Risk stratification plays an important role in both the selection and timing of treatment and is an important part of the initial evaluation. After diagnosis, the natural course of prostate cancer can be estimated from tumor volume, aggressiveness, PSA level, and extent of disease. Tumor volume assessment includes local stage, the number of positive biopsy cores, and the extent of cancer in affected cores. Gleason score is currently the standard measurement of aggressiveness with Gleason 5 to 6 cancers considered low grade, Gleason 7 intermediate grade, and Gleason 8 to 10 high grade. Taking all of these prognostic factors into effect, newly diagnosed patients are classified as having low-, intermediate-, or high-risk disease. In addition to these broad risk groups, multiple nomograms are available to help clinicians estimate an individual patient’s probability of localized disease, risk of progression without intervention, and risk of recurrence after definitive therapy. Several of these tools are available online, and they can sometimes be more helpful than the broad categories in assessing an individual’s risk, as they allow integration of discordant factors (e.g., high PSA with low Gleason score). PSA velocity prior to diagnosis may also provide valuable information in risk assessment; a PSA velocity ≥2.0 ng/mL in the year prior to radical prostatectomy is predictive of greater risk of biochemical recurrence, cancer-specific mortality, and overall mortality.

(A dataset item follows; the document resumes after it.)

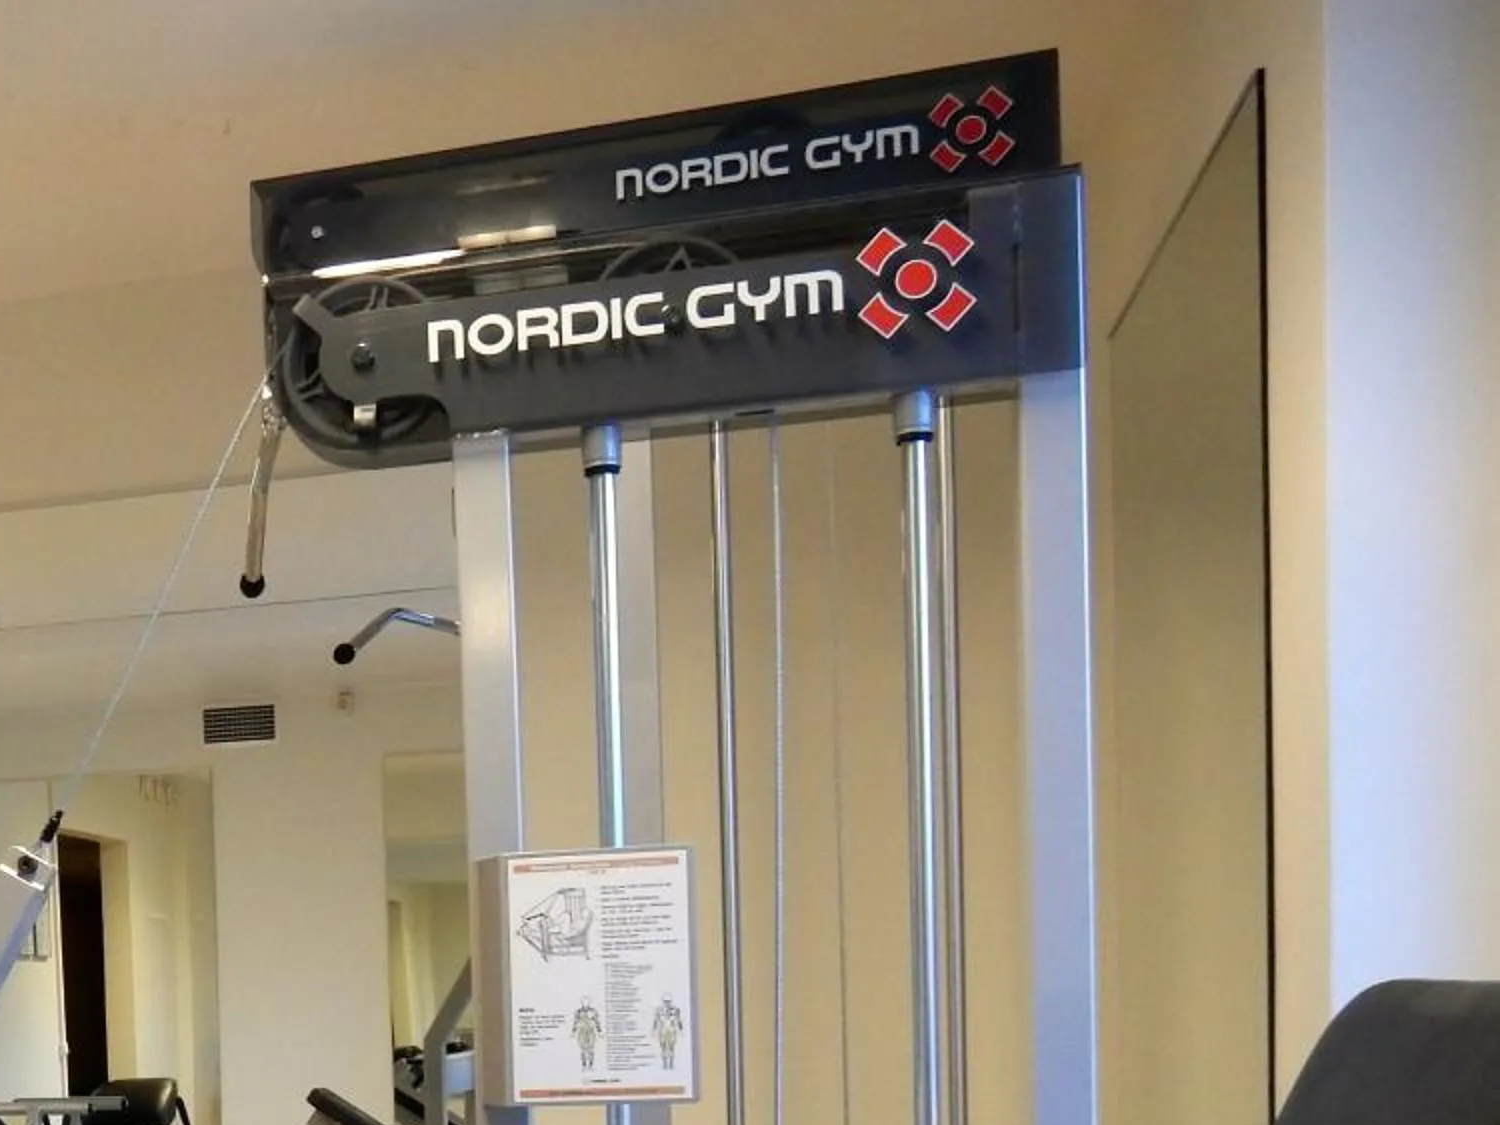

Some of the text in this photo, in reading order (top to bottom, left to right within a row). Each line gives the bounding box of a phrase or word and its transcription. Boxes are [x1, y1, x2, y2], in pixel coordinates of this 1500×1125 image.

[615, 124, 919, 201] NORDIC GYM
[427, 269, 844, 363] NORDIC GYM
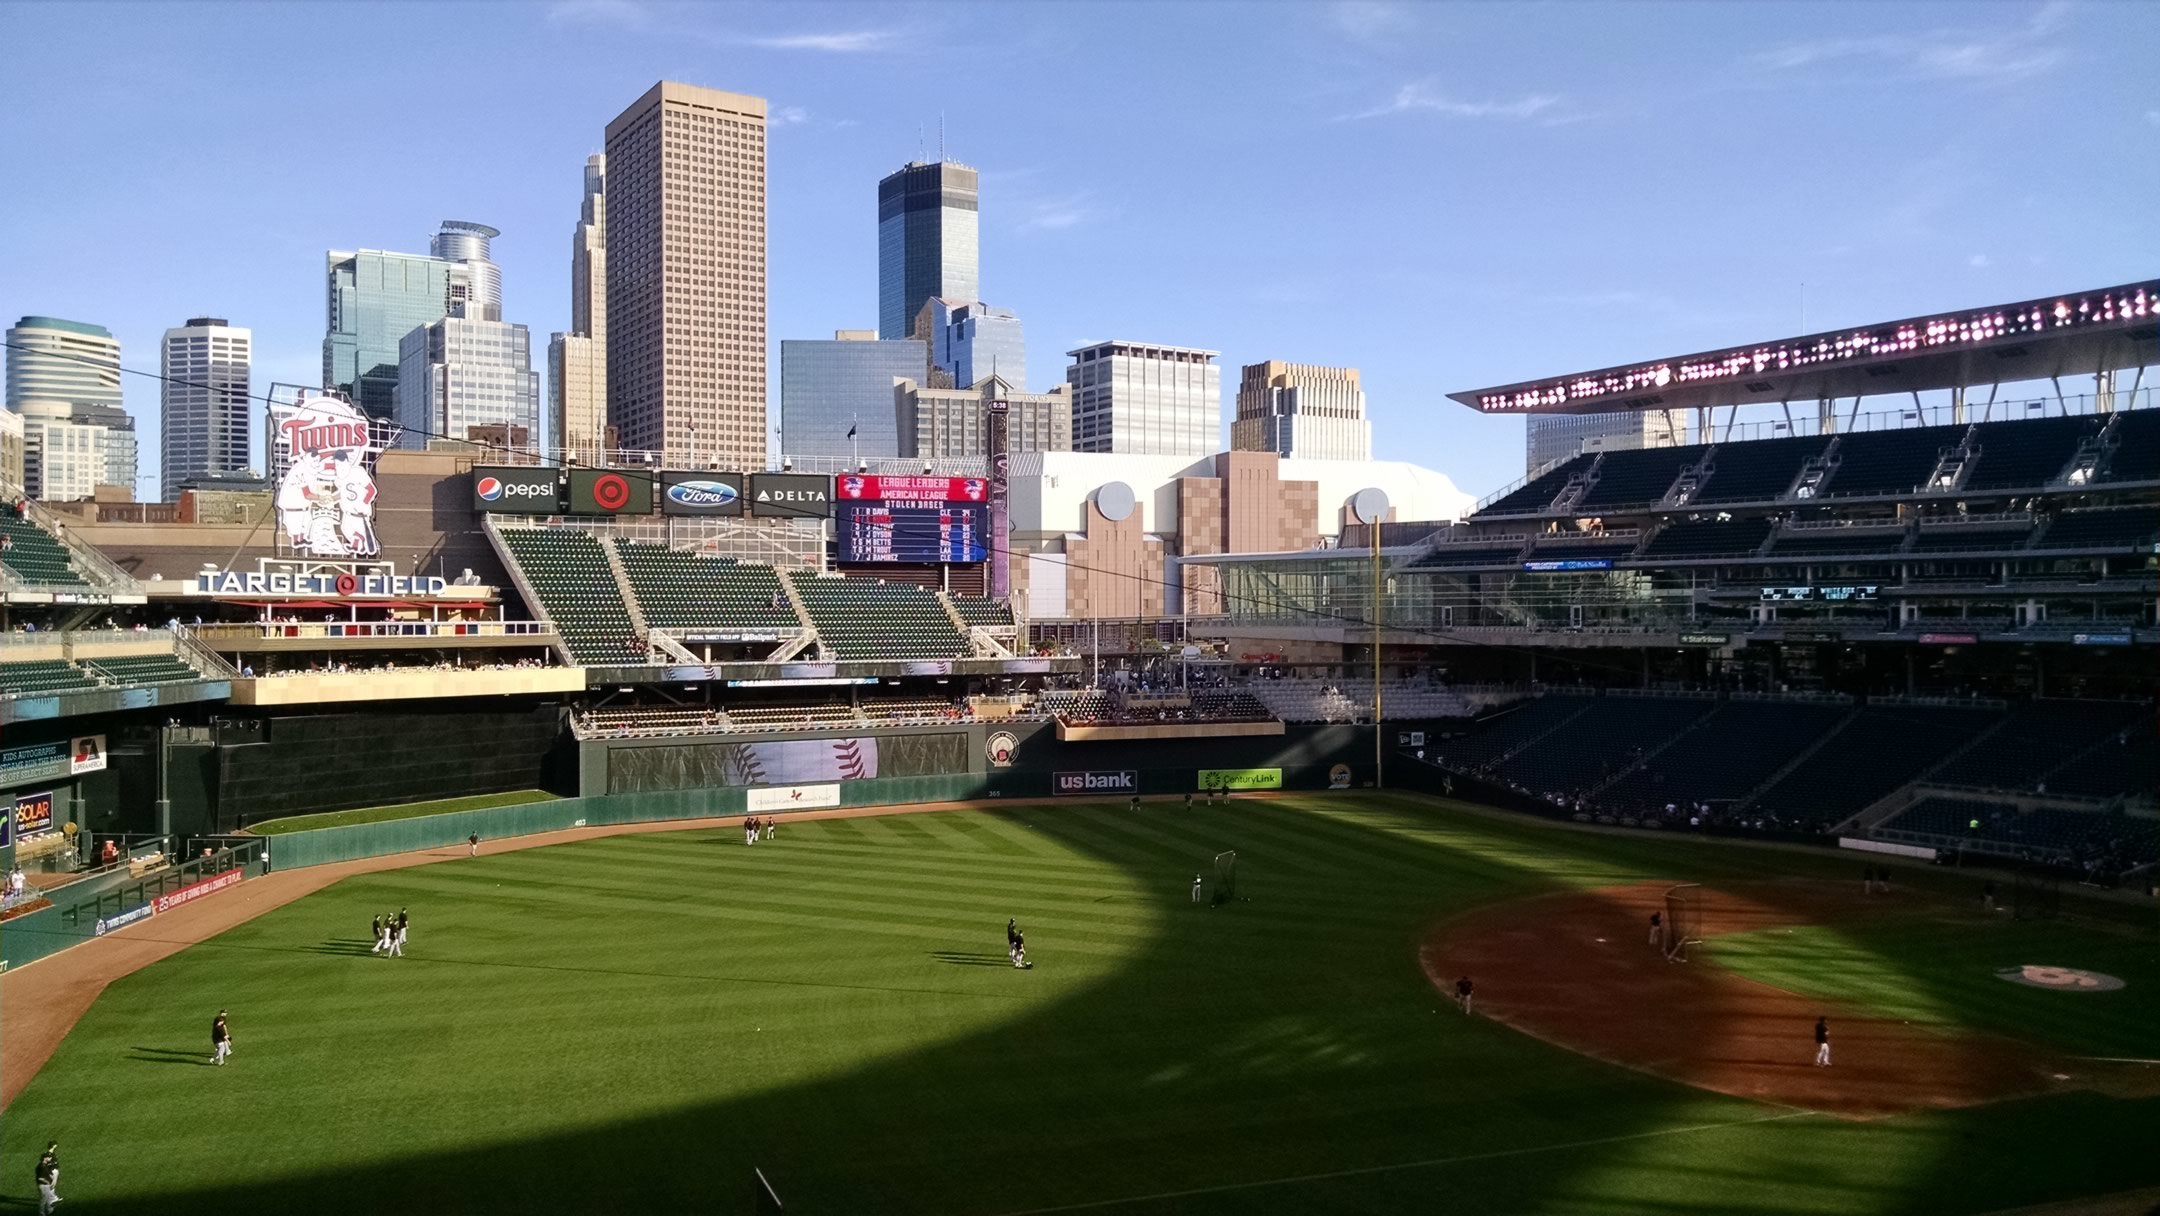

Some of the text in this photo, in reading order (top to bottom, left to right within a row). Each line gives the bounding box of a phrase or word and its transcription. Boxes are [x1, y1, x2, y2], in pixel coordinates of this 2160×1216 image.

The staging evaluation for men with known prostate cancer or symptoms that could be attributable to metastatic prostate cancer includes serum chemistries, PSA, bone scan, and computed tomography (CT) scan of the abdomen and pelvis. These initial tests provide evaluation of the most likely sites of metastatic disease to avoid inappropriate surgical intervention or radiation therapy. The extent of evaluation for metastatic disease relates to the likelihood of finding disease. A recent prospective survey of 3690 men described the positive yield of bone scan, and CT was <5% and 12%, respectively, for men with a PSA of 4 to 20 ng/mL. The yield decreased to 2% and 9% for those who also had a Gleason score of ≤6. Only the combination of a Gleason score of 8 to 10 and a PSA >20, or a PSA >50 alone, identified a group of men who had a >10% yield on bone scan and a 20% yield on CT scan. To stage in an appropriate and cost-effective manner, patients with low PSAs and low to intermediate Gleason scores do not require evaluation. More risk factors increase the degree of preoperative evaluation. Table 96-1 provides guidelines for preoperative staging. These studies also provide a baseline for follow-up. Figure 96-1 illustrates a stepwise approach to evaluation, monitoring, and treatment.